I have tried with 2 images as well, and the stacked output generated by the code is as follows: testing

I also played around i.e. tested all permutations of N_LR, N_CH, and model weights in Infer_Example.yml, such as: N_LR: 1 or 2, N_CH, 3 or 6, Model_Weights: esrgan_1S2.pth or esrgan_2S2.pth .

However, When I run the inference I am still getting: Running inference on 0 images

piperwolters commented 2 months ago

The reason the code would print out "Running inference on 0 images" is the glob statement here. This means that your directory structure is not as this glob statement expects and/or your image filepaths do not match the expected ".png".
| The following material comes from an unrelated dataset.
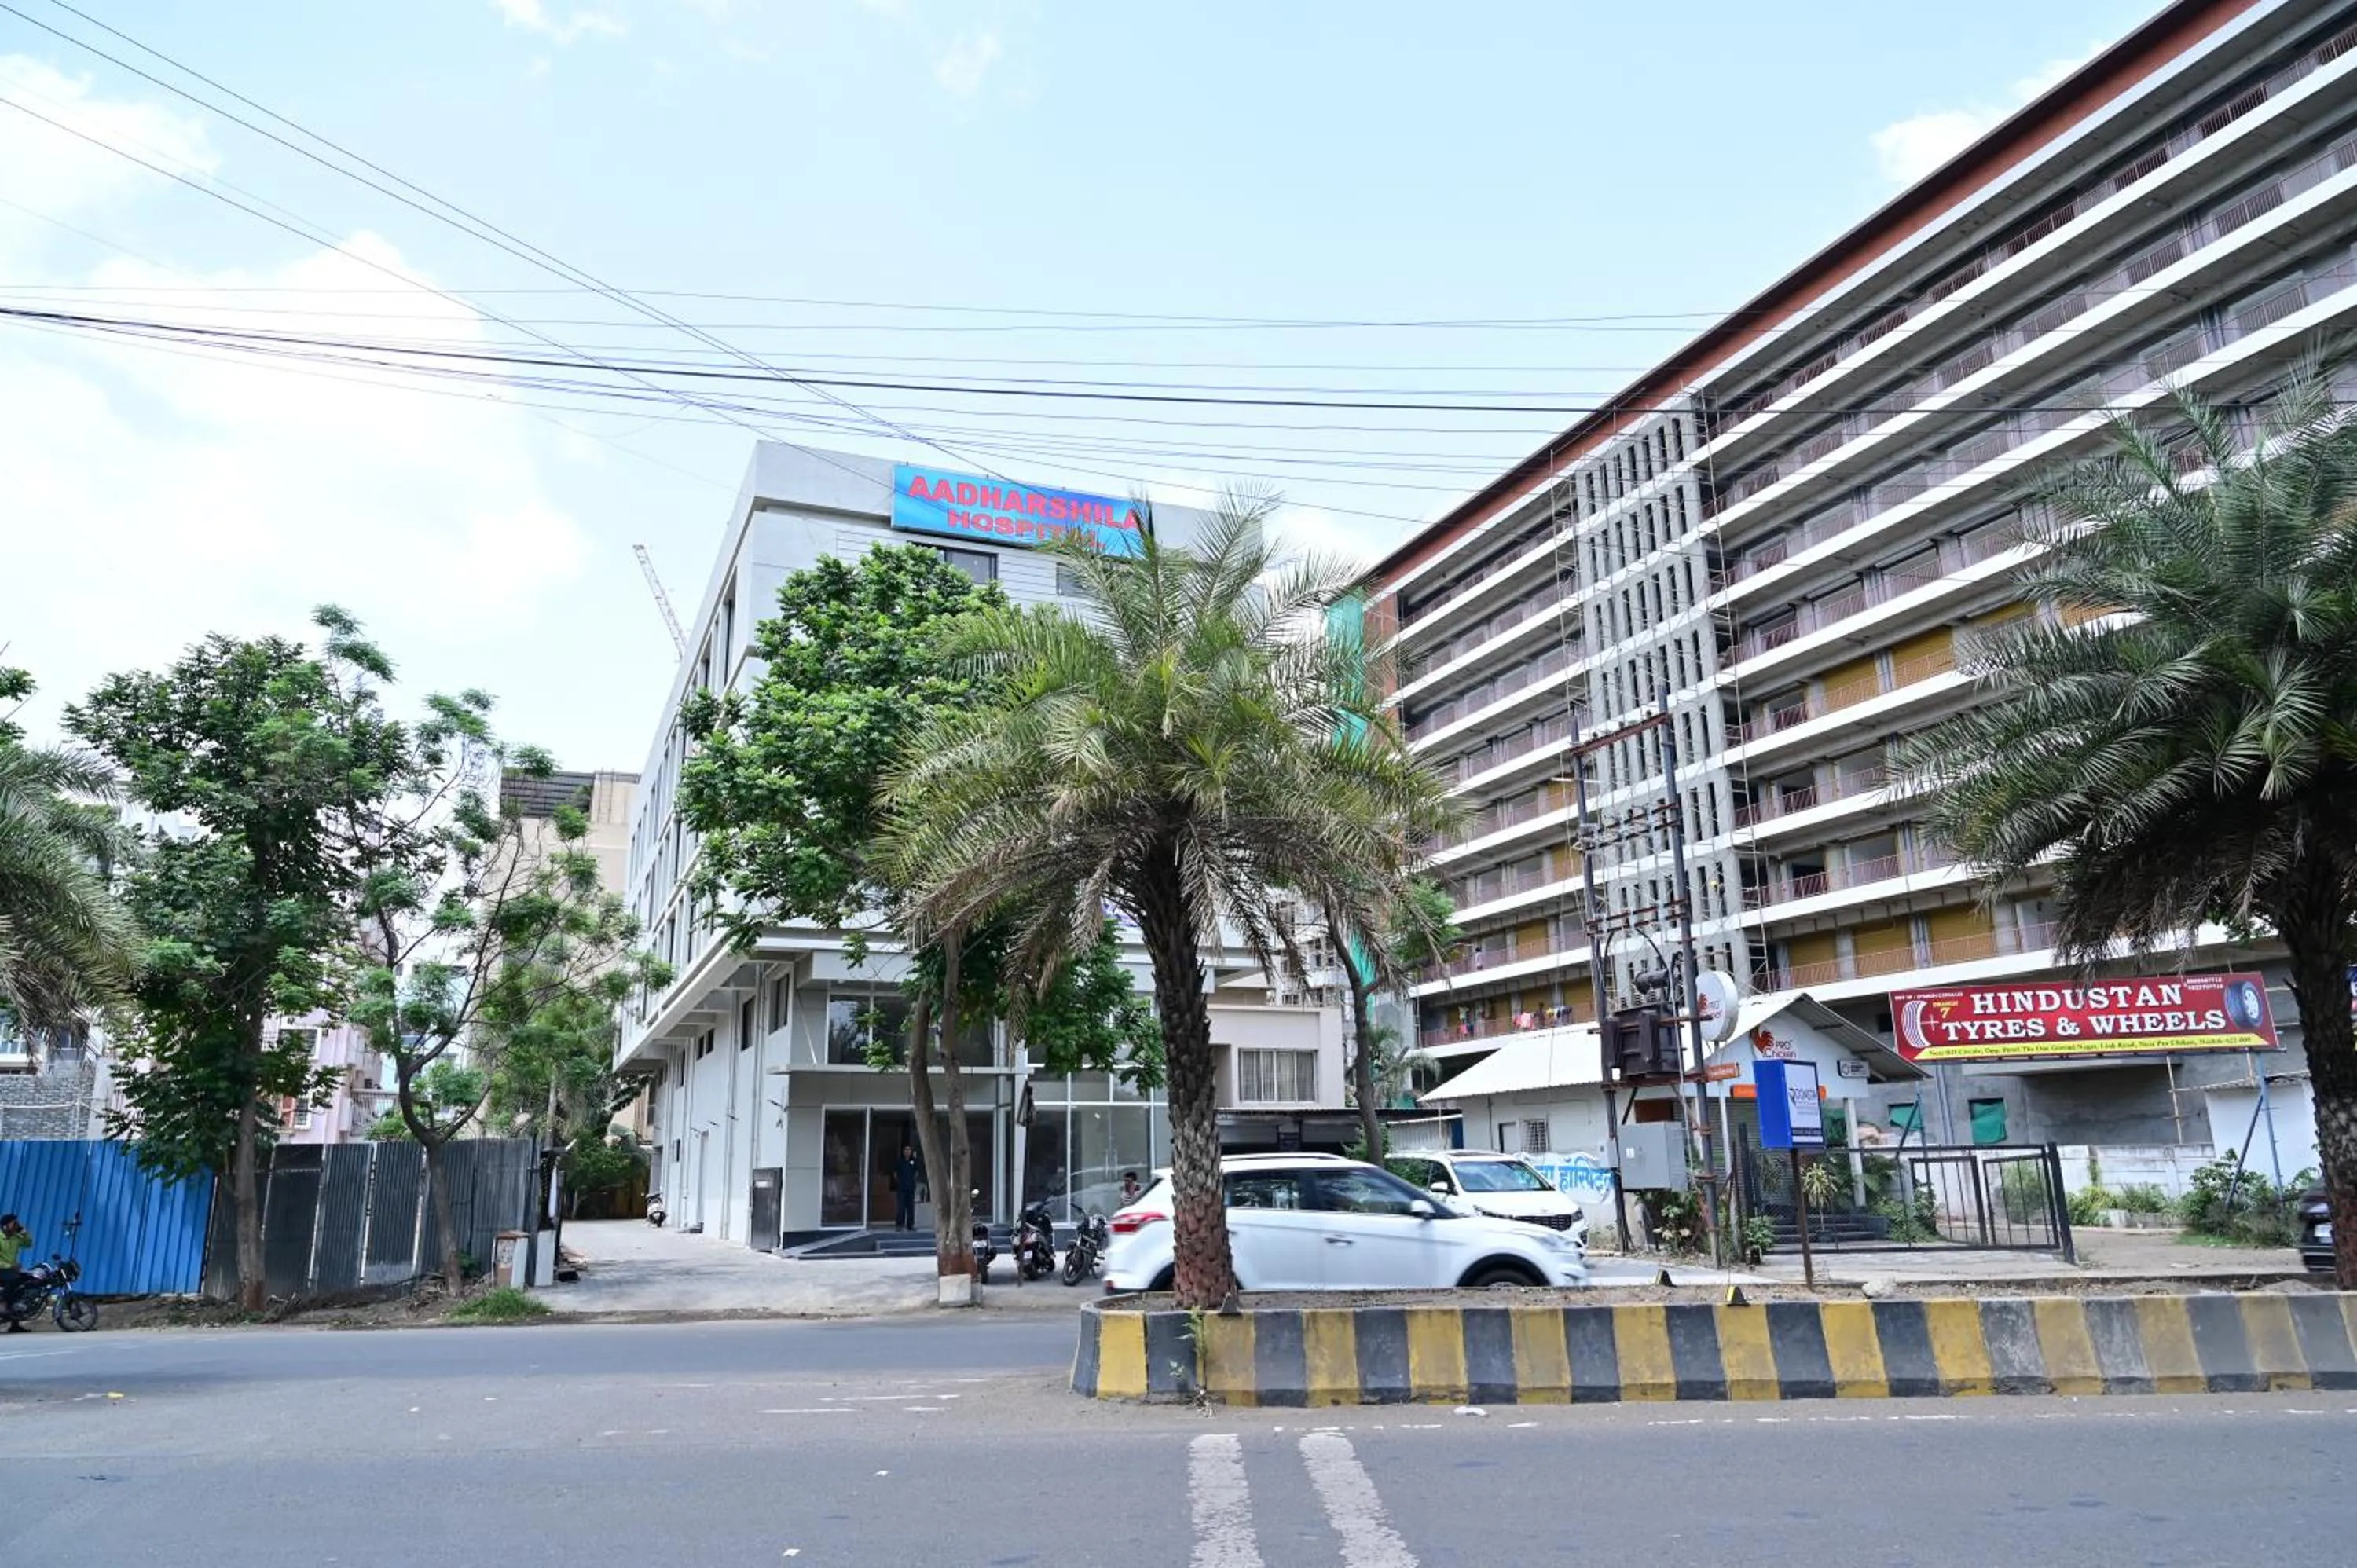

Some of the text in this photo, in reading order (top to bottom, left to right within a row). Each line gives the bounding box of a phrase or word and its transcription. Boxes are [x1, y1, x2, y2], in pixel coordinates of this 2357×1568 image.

[908, 475, 1142, 529] AADHARSHILA
[948, 509, 1106, 548] HOSPITL
[1970, 984, 2183, 1014] HINDUSTAN
[1942, 1009, 2226, 1041] TYRES & WHEELS
You want to edit the code or edit your data directory structure so that pngs is a list of filepaths of your Sentinel-2 images. Does that make sense?

lokeshsk commented 2 months ago

Hi, Yeah I figured it out, Sorry I forgot to update over here. The code is working now. Thanks for your quick responses. :) . However, when i run inference on URBAN Areas, the model is unable to generate satisfactory results. Here is an example. LR lr SR sr

However, the linear features are getting worked out. Lodz where model worked great. LR lr SR sr GT (Google Maps - High Res) gmap_GT

However, when I tried another area of lodz it again kind of hallucinated. LR lr SR sr

Could you shed some light on it. And what all the steps will be required to re-train the model on Sentinel Vs SKYSAT.
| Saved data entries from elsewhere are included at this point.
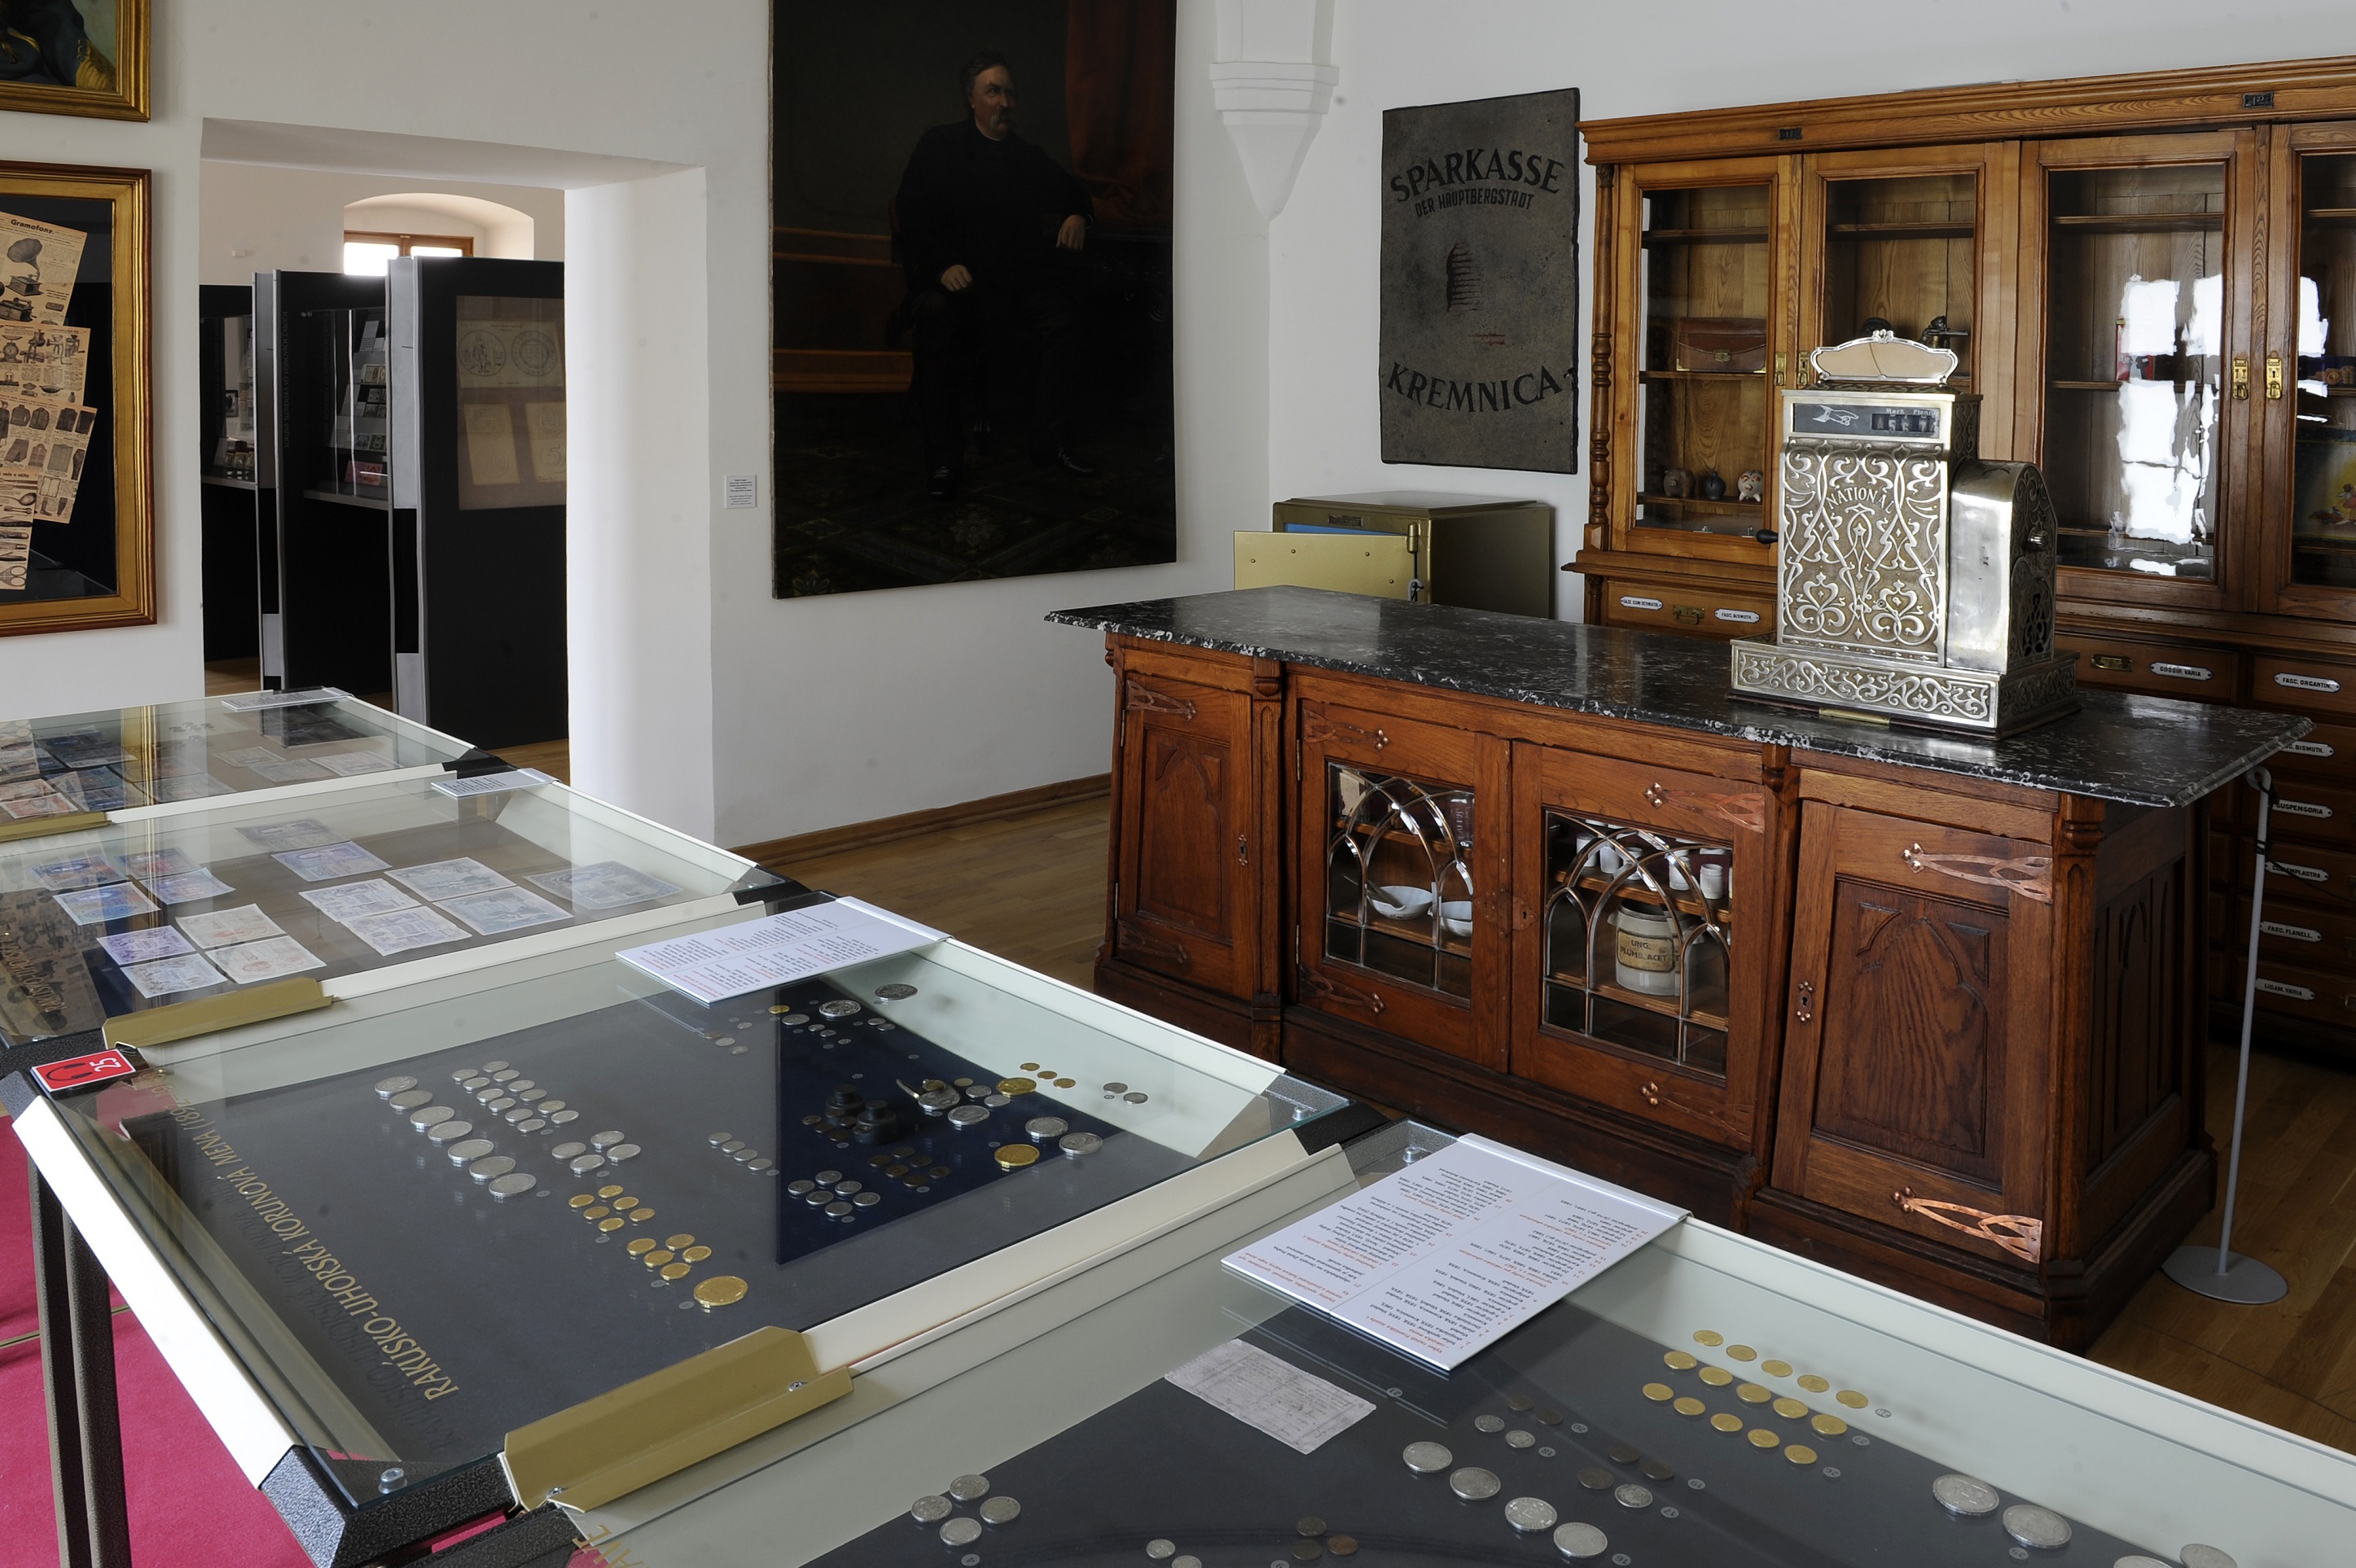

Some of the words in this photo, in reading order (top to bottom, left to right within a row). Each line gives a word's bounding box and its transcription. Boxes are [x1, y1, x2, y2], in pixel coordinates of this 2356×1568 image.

[2253, 96, 2265, 105] 12
[1391, 148, 1564, 203] SPARKASSE
[1415, 195, 1434, 218] DER
[1438, 190, 1534, 210] HAUPTBERGSTADT
[11, 218, 55, 234] Gramofony.
[1387, 362, 1562, 413] KREMNICA
[1825, 486, 1894, 515] NATIONAL
[2160, 666, 2183, 675] GOSSIP.
[2184, 668, 2201, 677] VARIA
[2282, 677, 2299, 685] FASC.
[2300, 679, 2333, 690] ORGANTIN.
[2295, 744, 2323, 753] BISMUTH.
[2276, 803, 2323, 814] SUSPENSORIA
[2268, 926, 2285, 934] FASC.
[2286, 929, 2313, 939] FLANELL.
[1631, 939, 1652, 949] UNG.
[2265, 983, 2284, 992] LIGAM.
[2285, 988, 2303, 996] VARIA
[90, 1058, 121, 1072] 25
[193, 1127, 242, 1167] MENA
[217, 1165, 309, 1242] KORUNOVÁ
[290, 1238, 459, 1401] RAKÚSKO-UHORSKÁ
piperwolters commented 2 months ago

How many Sentinel-2 images did you use as input for these outputs? I have seen plenty of hallucinations in places that look far different from the USA and/or when I only us 1-4 images as input. There is certainly room for improvement in locations that the model has never seen before.
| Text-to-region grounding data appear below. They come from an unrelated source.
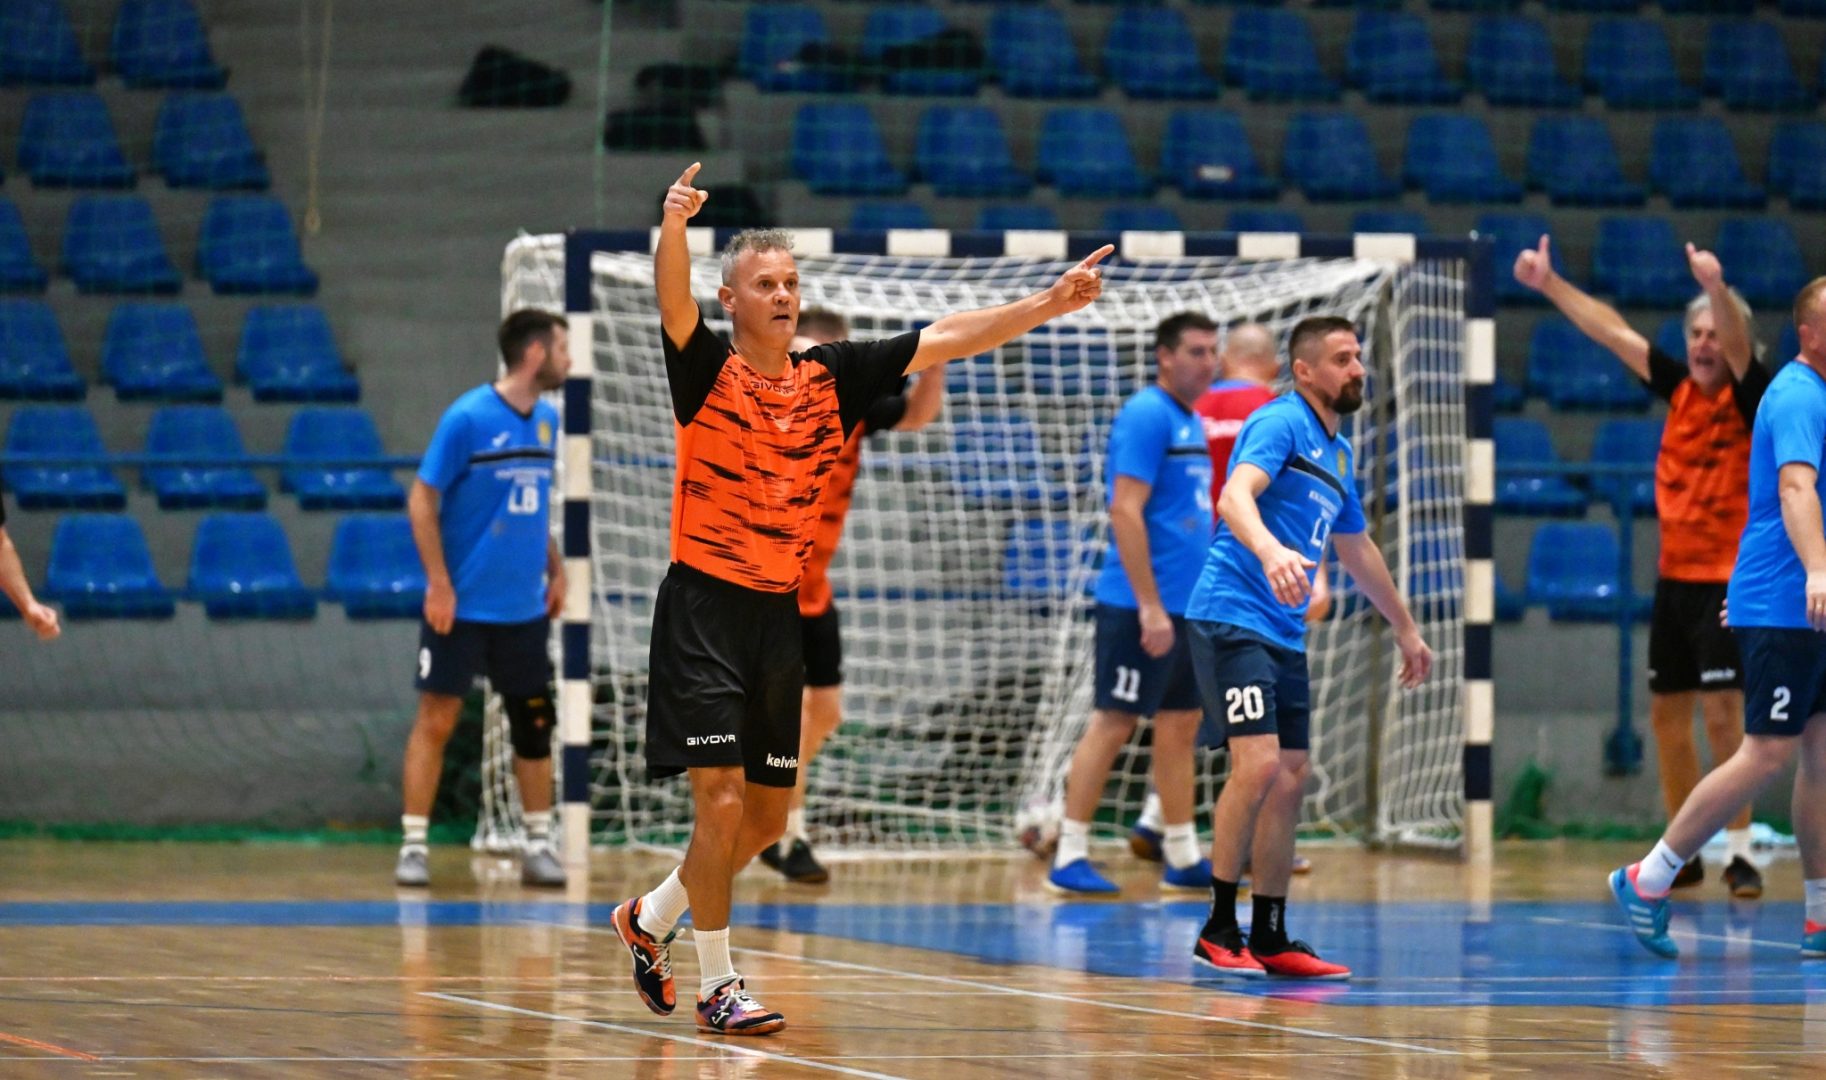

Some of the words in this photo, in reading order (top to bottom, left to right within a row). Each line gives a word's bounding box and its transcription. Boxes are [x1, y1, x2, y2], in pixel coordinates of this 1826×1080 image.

[418, 647, 432, 679] 9
[1111, 665, 1141, 703] 11
[1225, 685, 1265, 724] 20
[1769, 685, 1791, 720] 2
[766, 752, 799, 769] kelvin
To re-train the model on SKYSAT, you will want to structure a dataset in the same way as our S2NAIP, write a dataset file to replace s2-naip_dataset.py that will load in your intended inputs and outputs ideally in the same format as S2NAIP, write a config file with updated paths to your data and any other variables that need to be changed, and finally start training with python -m ssr.train -config your_config.
I found that using the pretrained satlas-super-res weights transferred to other datasets improved performance, so might be worth trying to start your training from there.